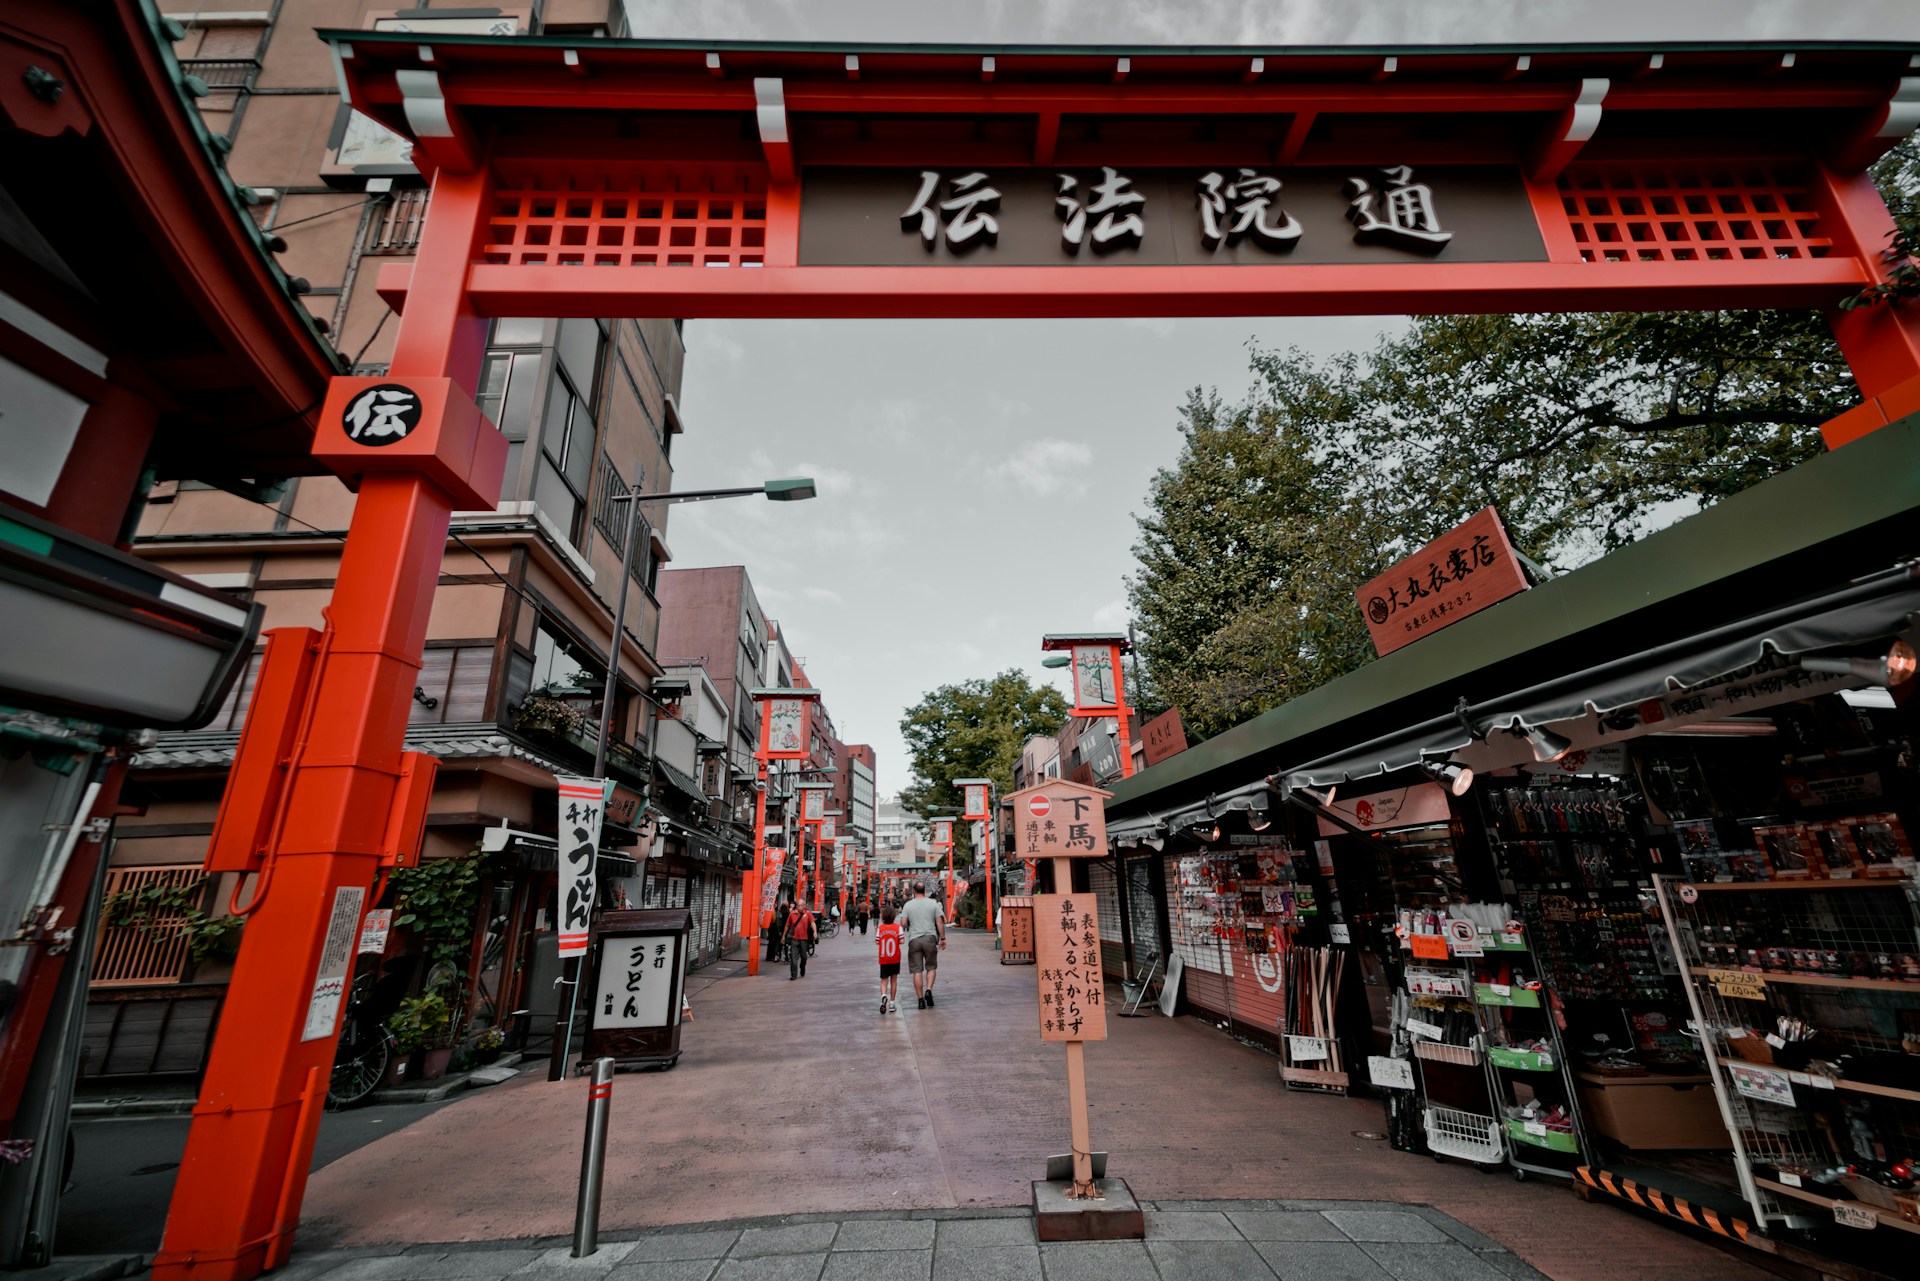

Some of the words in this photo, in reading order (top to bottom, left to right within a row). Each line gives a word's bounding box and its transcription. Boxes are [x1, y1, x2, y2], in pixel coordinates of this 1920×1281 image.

[900, 165, 1455, 252] 伝法院通
[345, 388, 414, 439] 伝
[565, 802, 599, 833] 手打
[1026, 821, 1041, 853] 通行止
[1062, 796, 1096, 851] 下馬
[565, 827, 596, 931] うどん
[653, 944, 667, 968] 手打
[880, 937, 896, 957] 10
[1081, 912, 1101, 1006] 表参道に付
[623, 945, 645, 1018] うどん
[1041, 968, 1055, 1032] 浅草寺
[1053, 968, 1067, 1032] 浅草警察署
━━━━━━
● **What to produce**: Omitting the pictures, write out the material above exactly as it stands.

● **Problem solution**:
Some of the words in this photo, in reading order (top to bottom, left to right within a row). Each line gives a word's bounding box and its transcription. Boxes are [x1, y1, x2, y2], in pixel coordinates of this 1920×1281 image.

[900, 165, 1455, 252] 伝法院通
[345, 388, 414, 439] 伝
[565, 802, 599, 833] 手打
[1026, 821, 1041, 853] 通行止
[1062, 796, 1096, 851] 下馬
[565, 827, 596, 931] うどん
[653, 944, 667, 968] 手打
[880, 937, 896, 957] 10
[1081, 912, 1101, 1006] 表参道に付
[623, 945, 645, 1018] うどん
[1041, 968, 1055, 1032] 浅草寺
[1053, 968, 1067, 1032] 浅草警察署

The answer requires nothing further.